Film School Coaching: How It Works

Working with a Forster-Thomas creative coach is just like one of those intensive summer filmmaking programs…except the student:teacher ratio is 1:1, and we don’t kick you out after 3 weeks. We have a unique and personalized candidate-focused process that ensures you’ll get the most for your money:

1. Reflection & Inspiration

Just as you have to know what your film is about before yelling “Action,” we need to get to the heart of who you are before we can help you. To do this, you’ll fill out Workbook One, a detailed inventory of your personal background and values, your professional and creative accomplishments, the defining moments in your life, and your future aspirations. Once you’re done, you’ll have your first meeting with your creative coach, who will use the workbook as a launching pad to get to know you. We’ll ask tough questions and expect honest answers, so keep the canned responses for a cocktail party. We’ll also want to view any films you’ve shot and read any scripts you’re written. That way, we know what skills you have a strong grasp of, and which ones you need to develop.

2. Brainstorming & Guidance

Once we really know who you are, we’ll work together to brainstorm your creative materials. We’ll look over your film ideas and help you decide which ones would make good feature-length treatments, which ones could make a great short script, and which you should probably bury forever.  Then we’ll help you develop the best ideas further, making sure you strong narrative structure, dialogue that really sparkles, and characters who aren’t flat and one-dimensional. Throughout this process, we’ll also develop the contents for your personal statement (required by every school), and begin to come up with an outline for it. 

3. Polishing & Tightening

After you've e-mailed us the first draft, we'll make detailed notes and send it back—or call you directly for a one-on-one discussion about how to improve the work. During this session, we’ll examine your work—making certain your writing is engaging, well structured, and insightful—and then review it with you, going over the notes and answering any questions you may have. Once everyone is on the same page, you will complete your second draft.
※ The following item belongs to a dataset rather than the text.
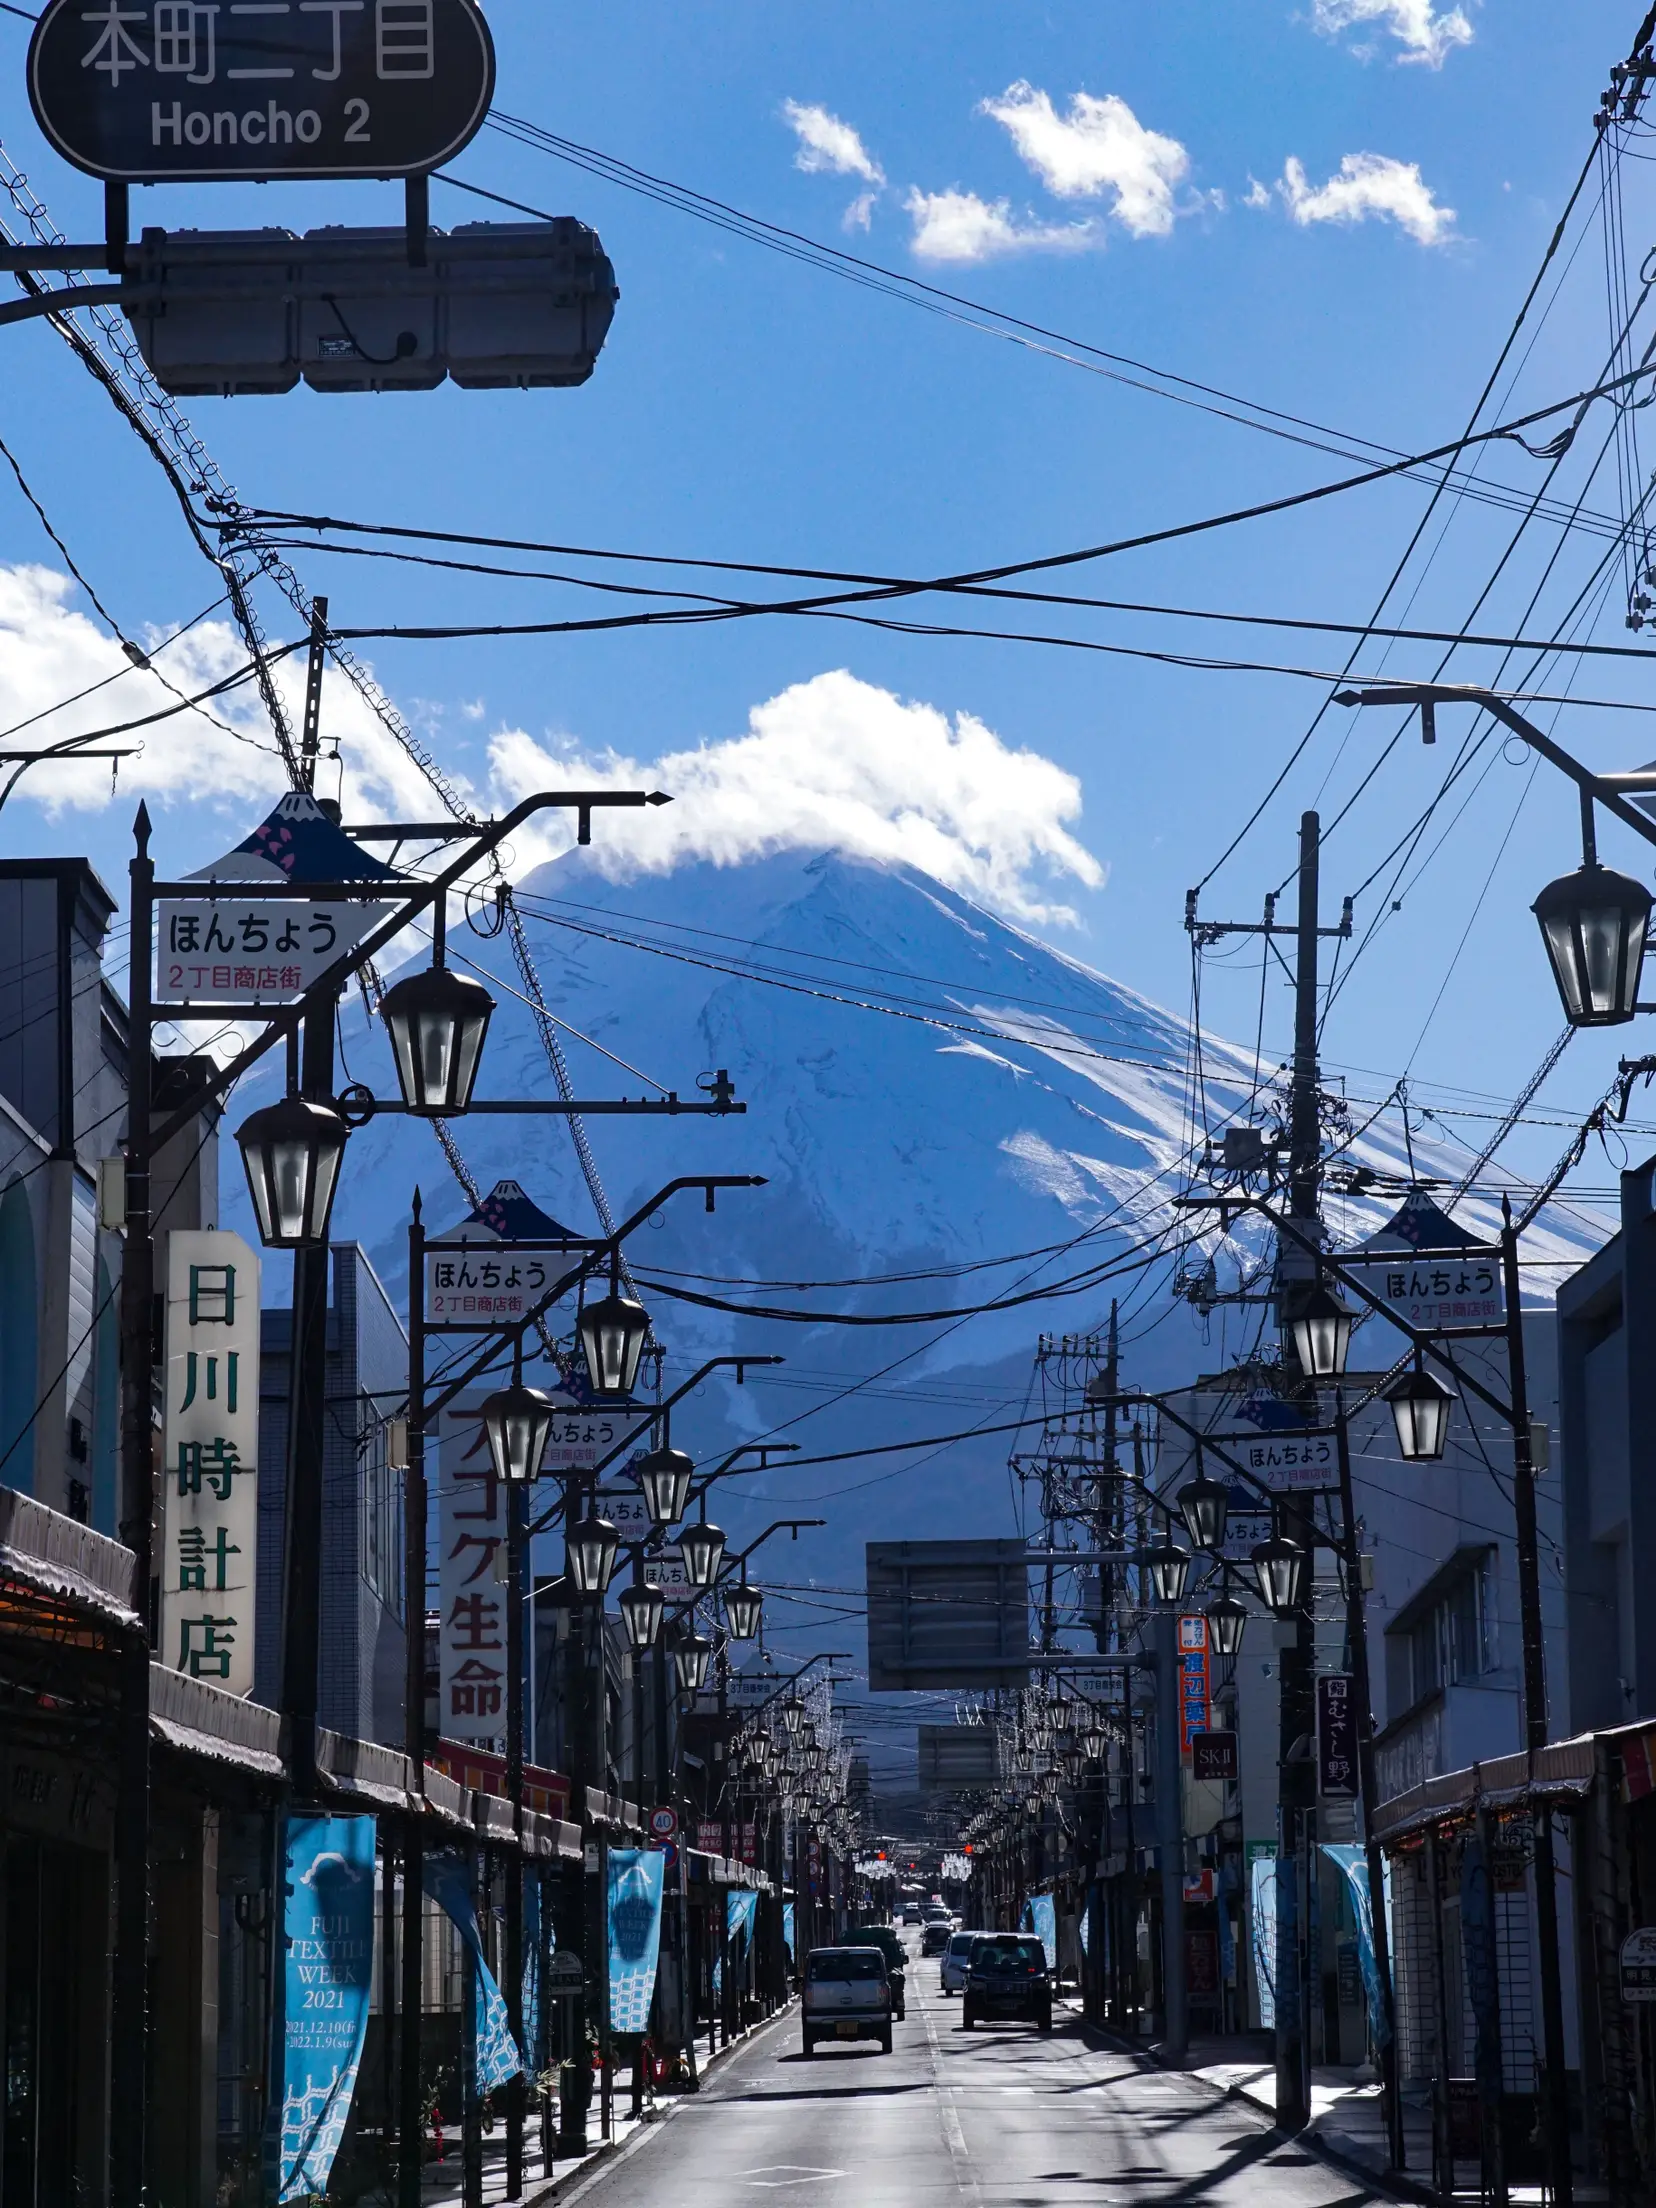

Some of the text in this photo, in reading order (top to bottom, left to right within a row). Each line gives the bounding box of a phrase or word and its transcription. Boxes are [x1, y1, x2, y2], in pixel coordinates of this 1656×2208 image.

If we’re coaching you to actually shoot a short film, this is where we’ll review every aspect of the production, from casting to crew to locations, to make sure you’re as prepared as you can be before you hit the record button. 

4. Editing & Proofreading

Our final step is time spent mostly on our own. Our copy editor, who hasn't yet seen your work, steps up to the plate to clean up lingering grammar mistakes and sloppy constructions, spell-check the spell-check, and make any final notes to ensure that your materials have an edge with admissions. We will speak with you one last time, explaining any final changes we suggest. Then we review and proofread the final work—you can never be too confident. We’ll also view your DVD reel and make sure the menus are right, the titles are correct, and the audio levels are where they should be. You want to make sure the film schools are viewing your work the way it should be viewed.